Going on holiday to hot countries, I suggest, unless the heat there is oppressive and hated, makes British people indifferent to their homeland. I think it is a bit like pressing 'SNOOZE' on our alarm clocks, every morning. There is a moment at waking when many of us think to ourselves, 'Not yet, just a few minutes more.’ There follows this thought, a wonderful feeling of warmth and comfort, an unfelt feeling when we first lay down to sleep. Many of us consider this to be a prime moment in our lives. I suggest that we are no more rested after those wonderful five minutes than we were before we pressed SNOOZE. Except it isn't five minutes of wonder or perceived comfort, it is more likely to be between three and seven seconds before we are asleep again.

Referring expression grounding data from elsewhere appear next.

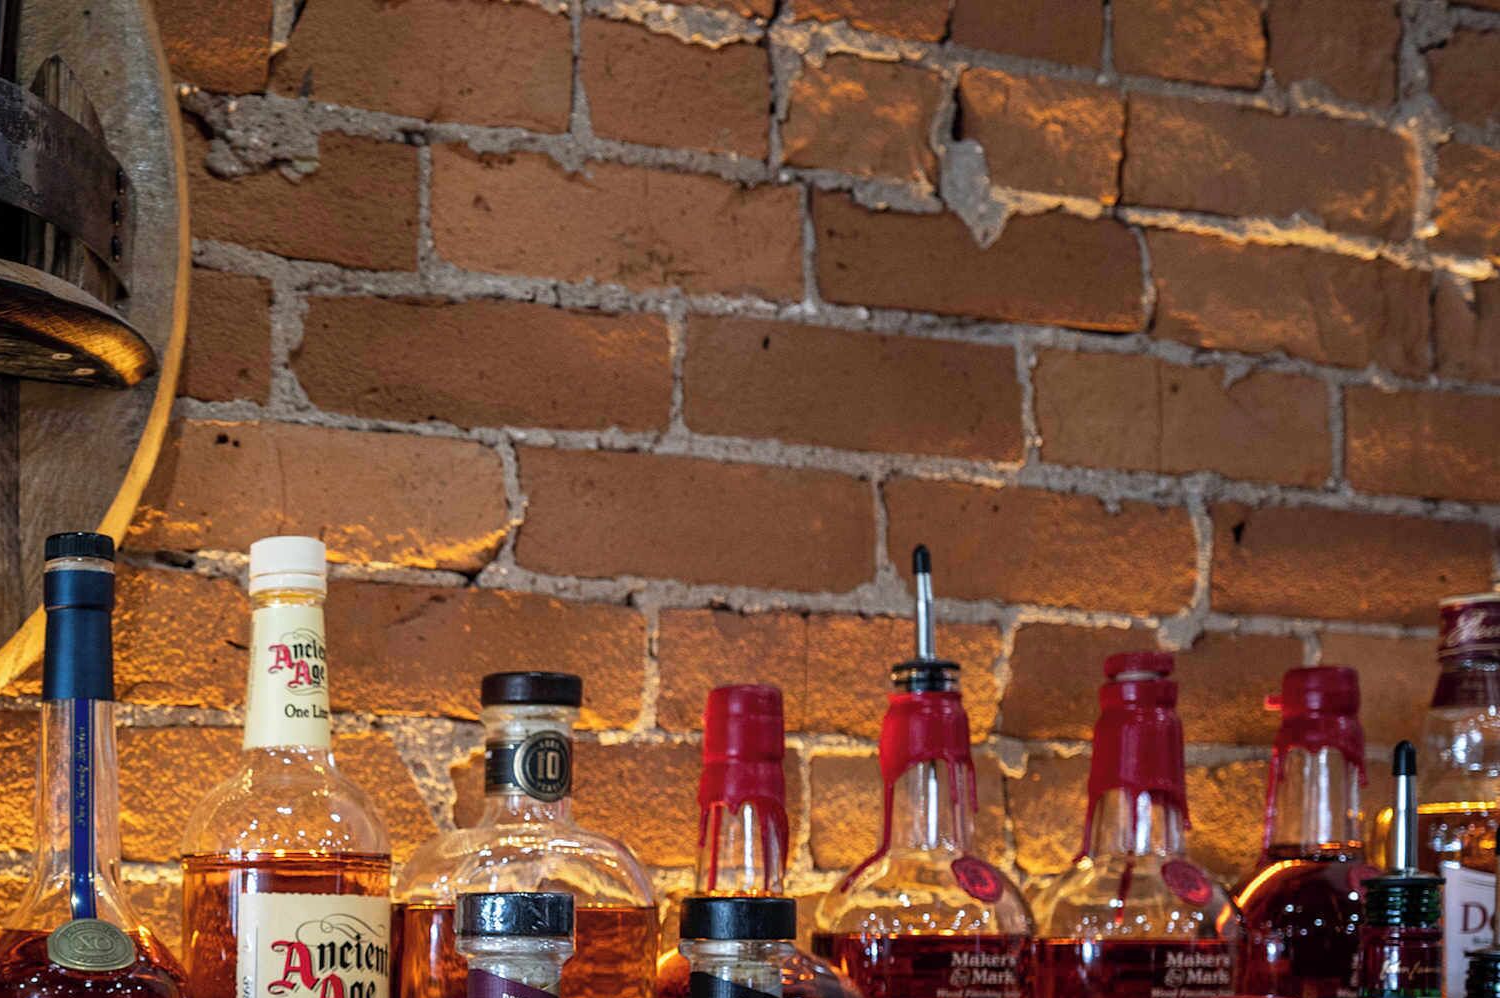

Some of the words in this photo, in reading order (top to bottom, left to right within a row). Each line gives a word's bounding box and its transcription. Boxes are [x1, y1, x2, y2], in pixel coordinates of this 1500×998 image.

[284, 703, 310, 719] One
[537, 751, 561, 780] 10
[267, 932, 389, 996] Ancient
[970, 968, 1016, 985] Mark
[1185, 967, 1230, 985] Mark
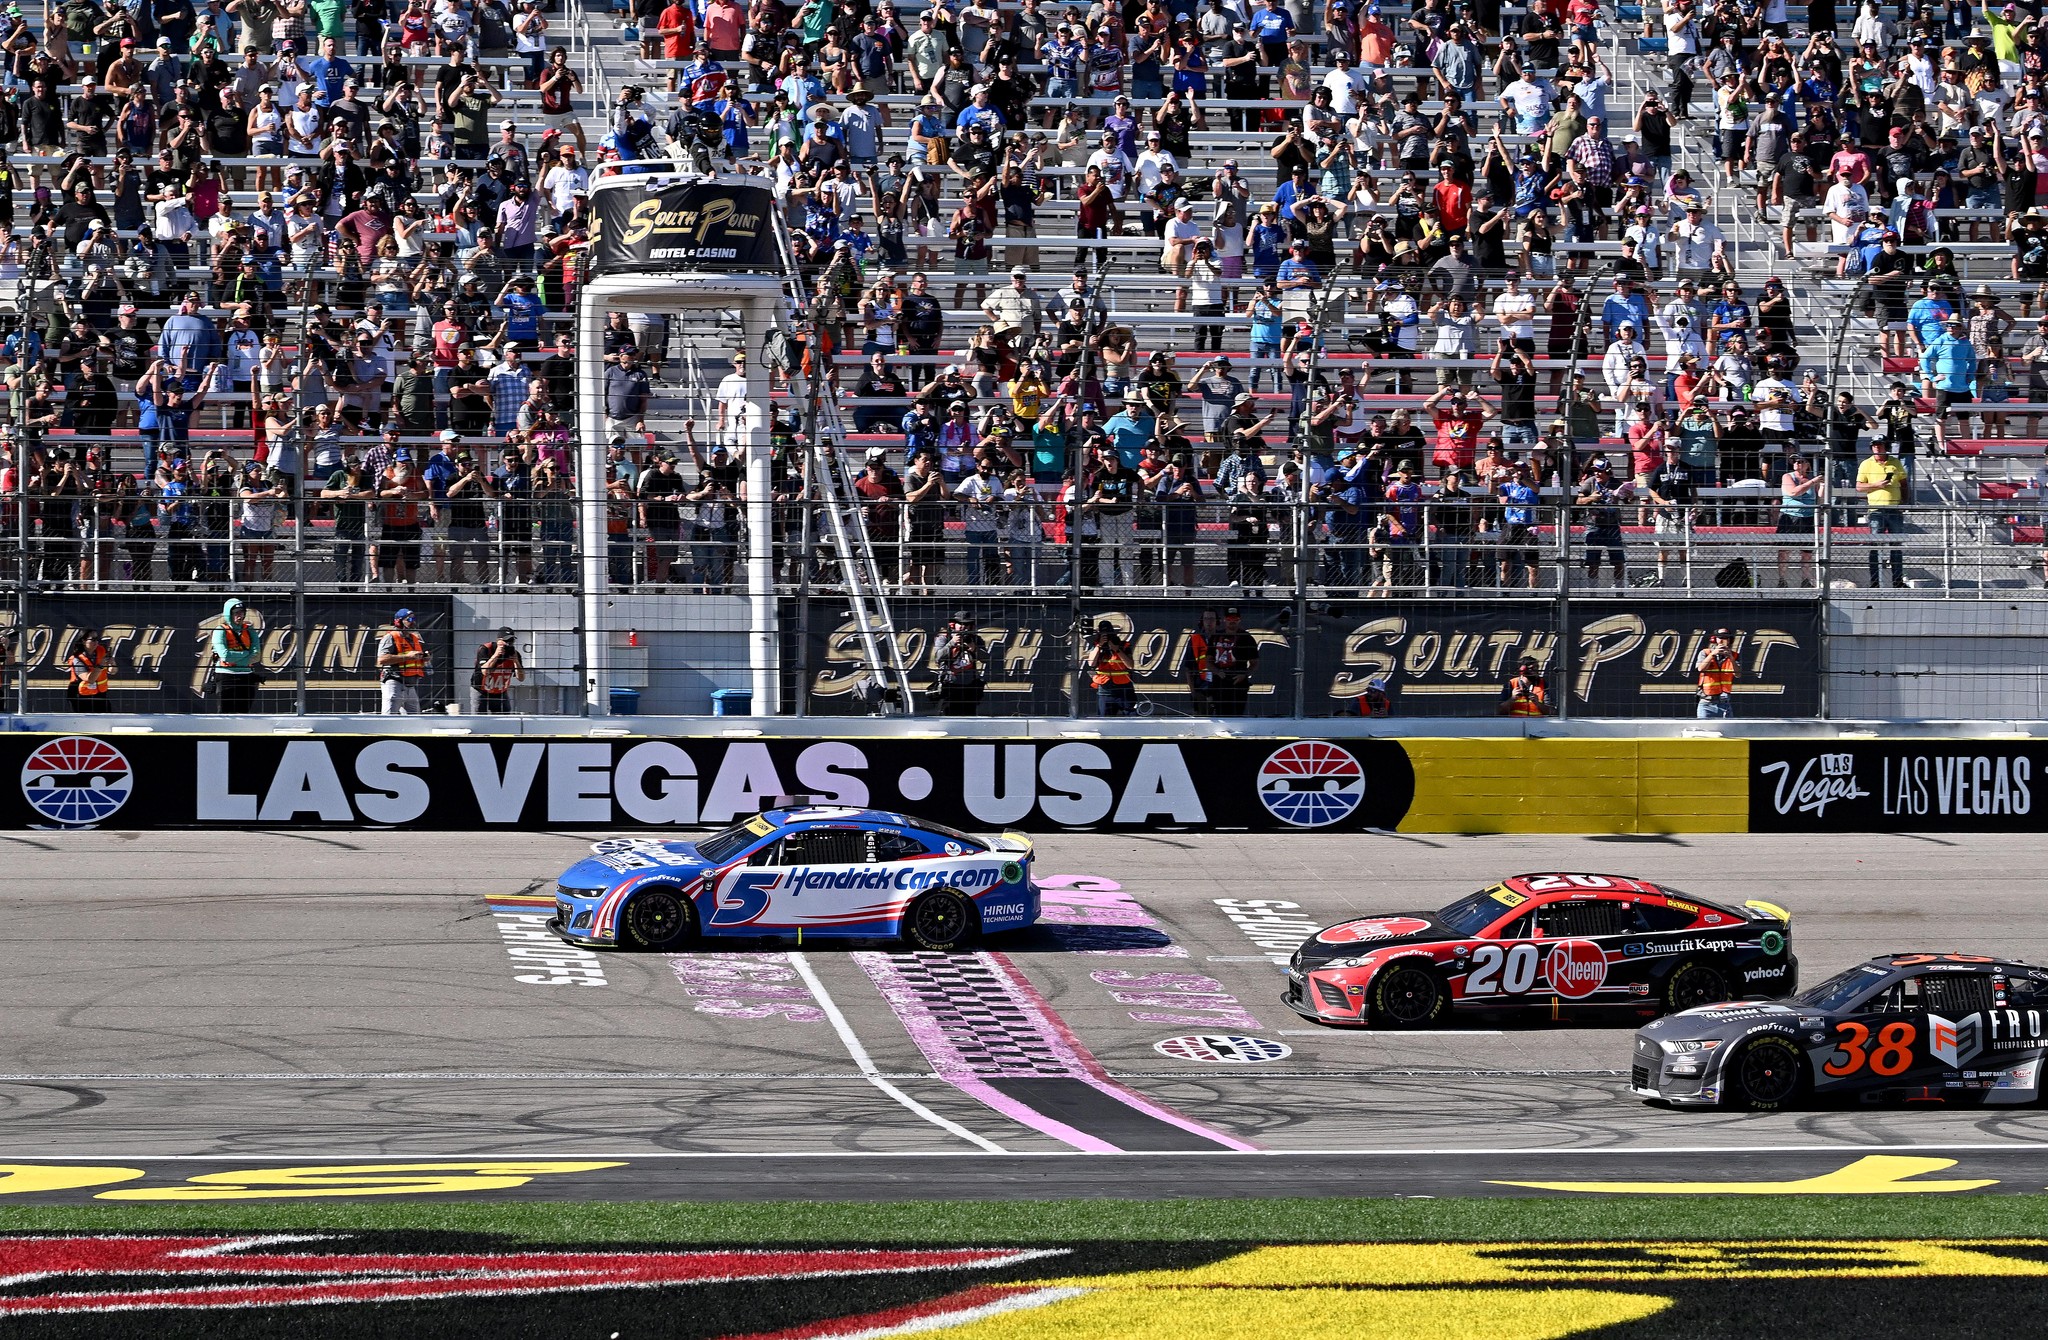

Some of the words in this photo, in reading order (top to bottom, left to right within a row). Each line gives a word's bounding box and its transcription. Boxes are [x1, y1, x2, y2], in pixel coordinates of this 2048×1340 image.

[326, 68, 337, 77] 21
[622, 198, 698, 246] SOUTH
[695, 197, 761, 244] POINT
[650, 248, 687, 259] HOTEL
[688, 249, 695, 257] &
[696, 248, 737, 259] CASINO
[810, 612, 1044, 697] SOTH
[1061, 611, 1291, 700] POIT
[1329, 616, 1560, 699] SOUTH
[1574, 613, 1800, 702] POIT
[1823, 755, 1852, 774] LAS
[197, 739, 430, 823] LAS
[458, 739, 870, 823] VEGAS
[963, 742, 1208, 825] USA
[1761, 757, 1870, 818] Vegas
[1883, 756, 1928, 815] LAS
[1935, 756, 2031, 815] VEGAS
[637, 873, 681, 886] GOODYEAR
[709, 871, 784, 928] 5
[983, 903, 1025, 917] HIRING
[983, 914, 1024, 924] TECHNICIANS
[1388, 948, 1434, 960] GOODYEAR
[1645, 939, 1694, 954] Smurfit
[1695, 938, 1735, 954] Kappa
[1463, 943, 1540, 995] 20
[1553, 941, 1603, 989] Rheem
[1744, 964, 1787, 982] yahoo!
[1376, 965, 1400, 1012] GOODYEAR
[1629, 984, 1649, 993] RUUD
[1668, 962, 1693, 1008] GOODYEAR
[1429, 994, 1444, 1020] EAGLE
[1746, 1022, 1795, 1036] GOODYEAR
[1748, 1036, 1799, 1055] GOODYEAR
[1823, 1021, 1917, 1076] 38
[1989, 1009, 2048, 1039] FRO
[1993, 1040, 2035, 1050] ENTERPRISES
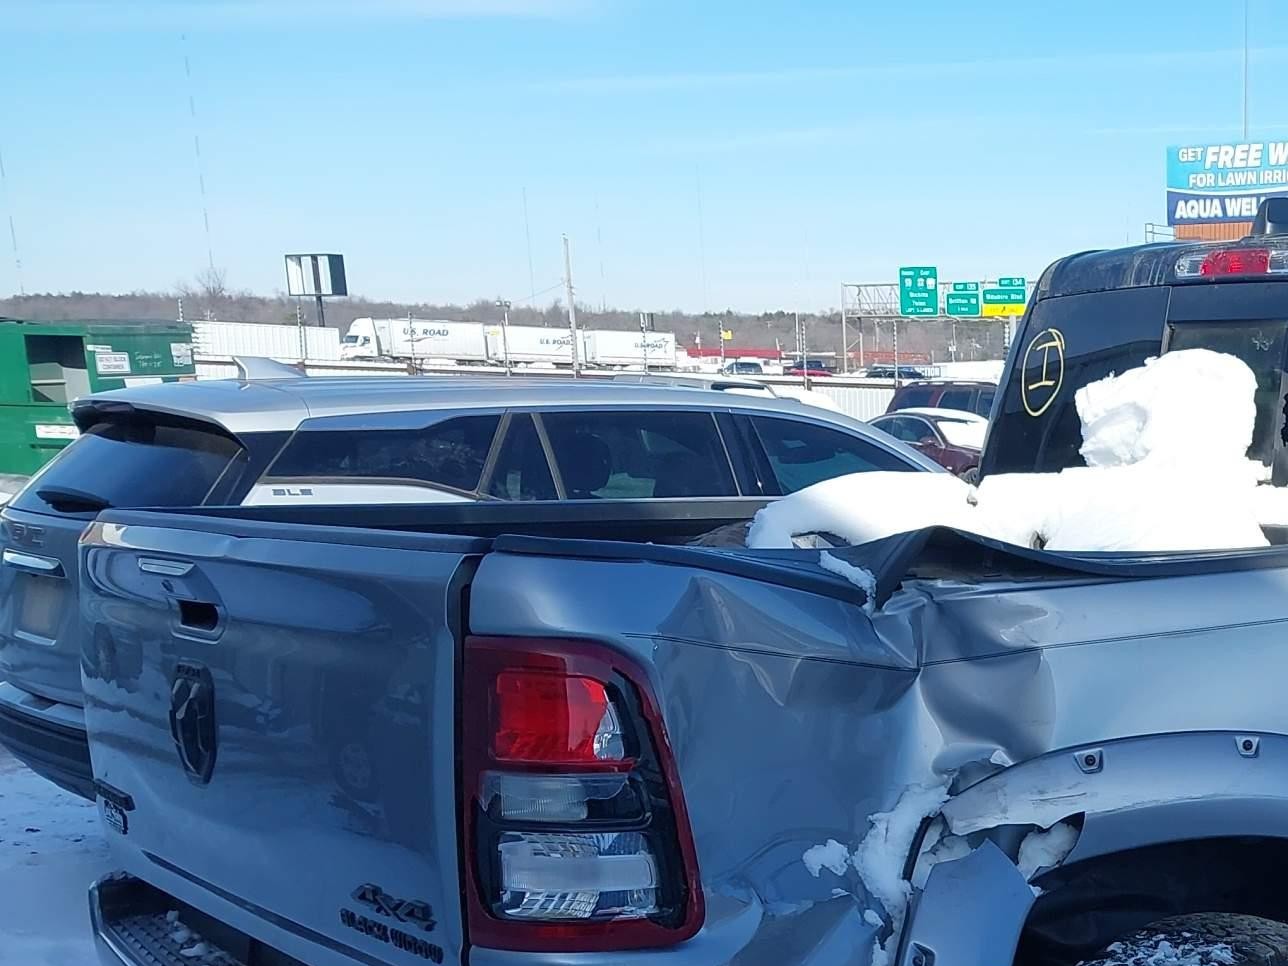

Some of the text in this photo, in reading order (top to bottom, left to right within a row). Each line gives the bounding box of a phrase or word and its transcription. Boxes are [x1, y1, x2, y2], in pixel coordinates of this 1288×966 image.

[1179, 148, 1204, 162] GET
[1205, 143, 1264, 169] FREE
[1189, 173, 1215, 188] FOR
[1217, 171, 1257, 186] LAWN
[1174, 199, 1223, 219] AQUA
[402, 328, 449, 337] U.S. ROAD
[340, 908, 444, 965] BLACK WIDOW
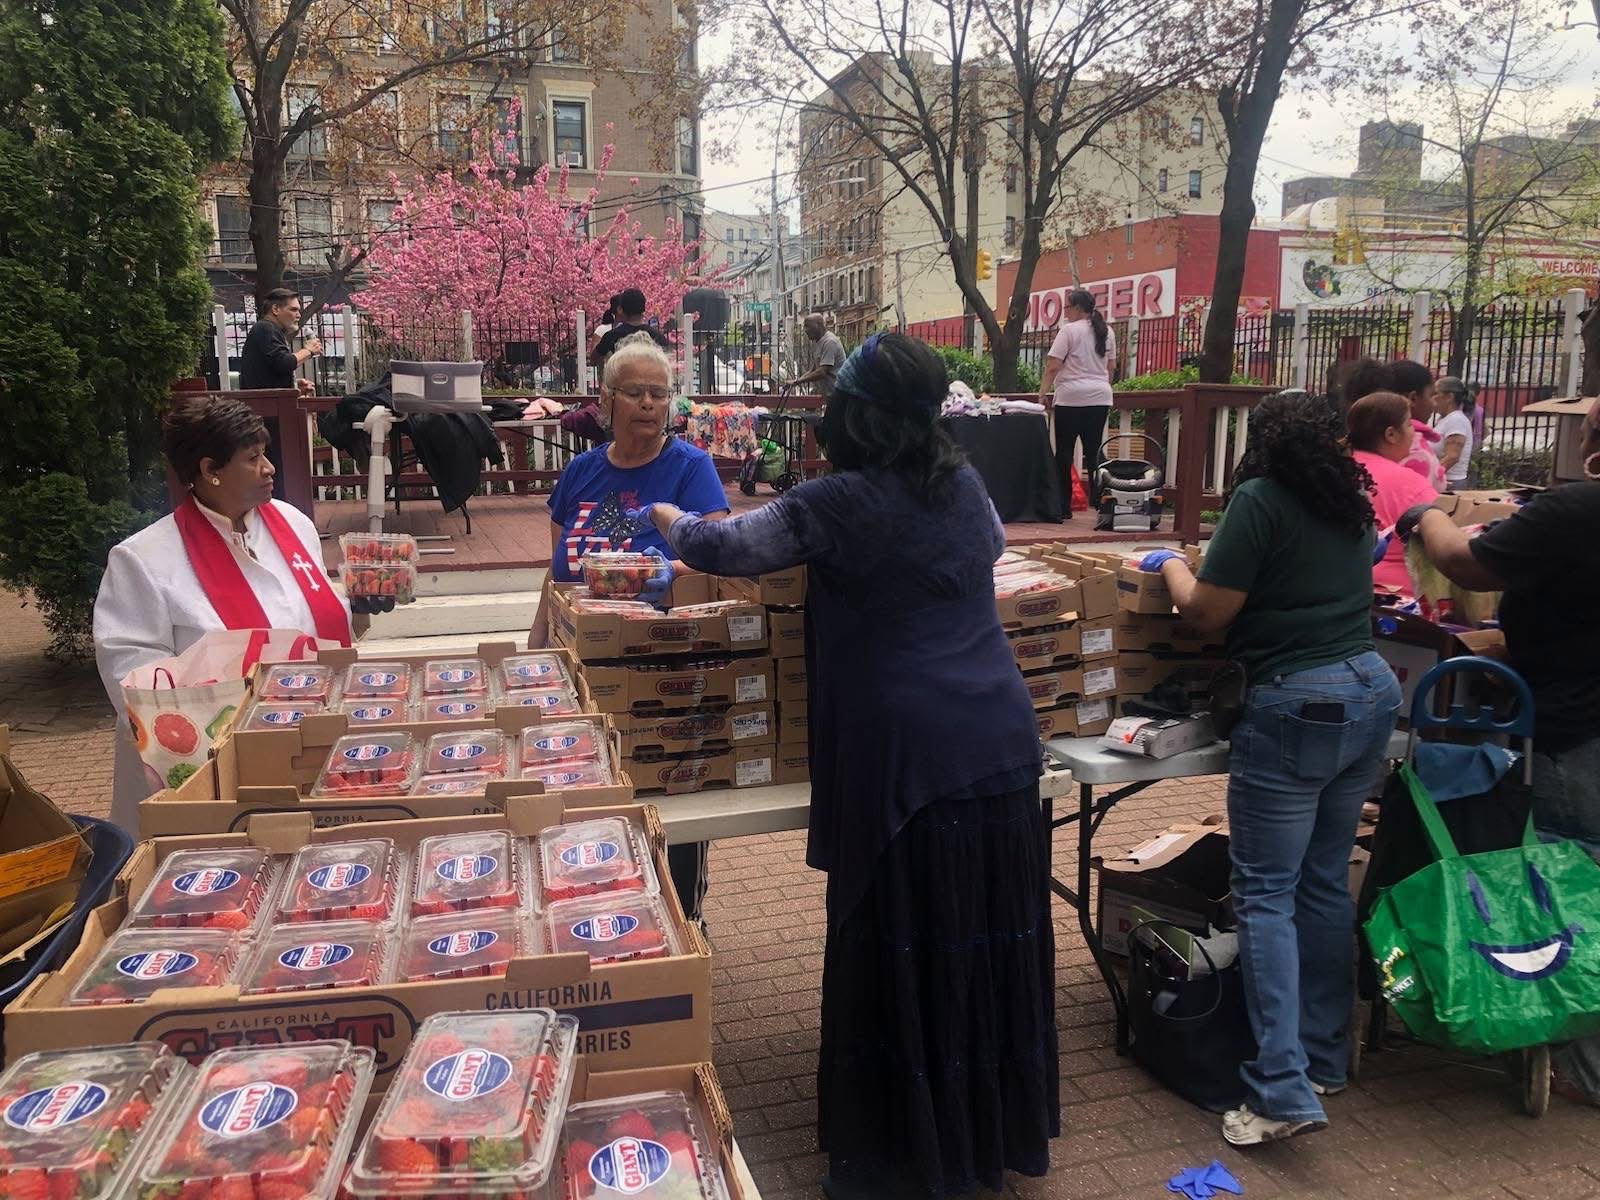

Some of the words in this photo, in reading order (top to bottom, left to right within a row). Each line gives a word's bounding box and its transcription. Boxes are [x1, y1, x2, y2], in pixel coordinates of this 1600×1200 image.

[1542, 260, 1598, 274] WELCOME
[1026, 274, 1163, 329] IOEER
[486, 981, 612, 1011] CALIFORNIA
[216, 1011, 332, 1030] CALIFORNIA
[452, 1054, 483, 1096] GIANT
[34, 1085, 80, 1124] GIANT
[230, 1088, 267, 1132] GIANT
[619, 1142, 643, 1189] GIANT

I read somewhere that if we press SNOOZE each morning we are not allowing our body-clocks to set a routine or schedule for sleeping and rising. Simply, the idea is that the brain would eventually settle into a routine process of restoring itself and the body with a 'recognition' that it must accomplish this within a set time. I suppose it is constantly measuring enzymes, hormones, and blood sugar levels, among other things, to know when it should wake up. But what if there is never enough time for the brain to do what it needs to?
My understanding is that the brain can 'micro-sleep' for between 0.3 seconds and a whole three seconds. It does this even when we are driving at any time of the day (or night).
Some numbers
According to the RAC, the thinking time, if we need to do an emergency stop, at 50mph is 49ft (15m) and the braking distance is 125ft (38m); so the overall stopping distance is 174ft (53m). At 70mph the overall stopping distance is 96m or 315ft.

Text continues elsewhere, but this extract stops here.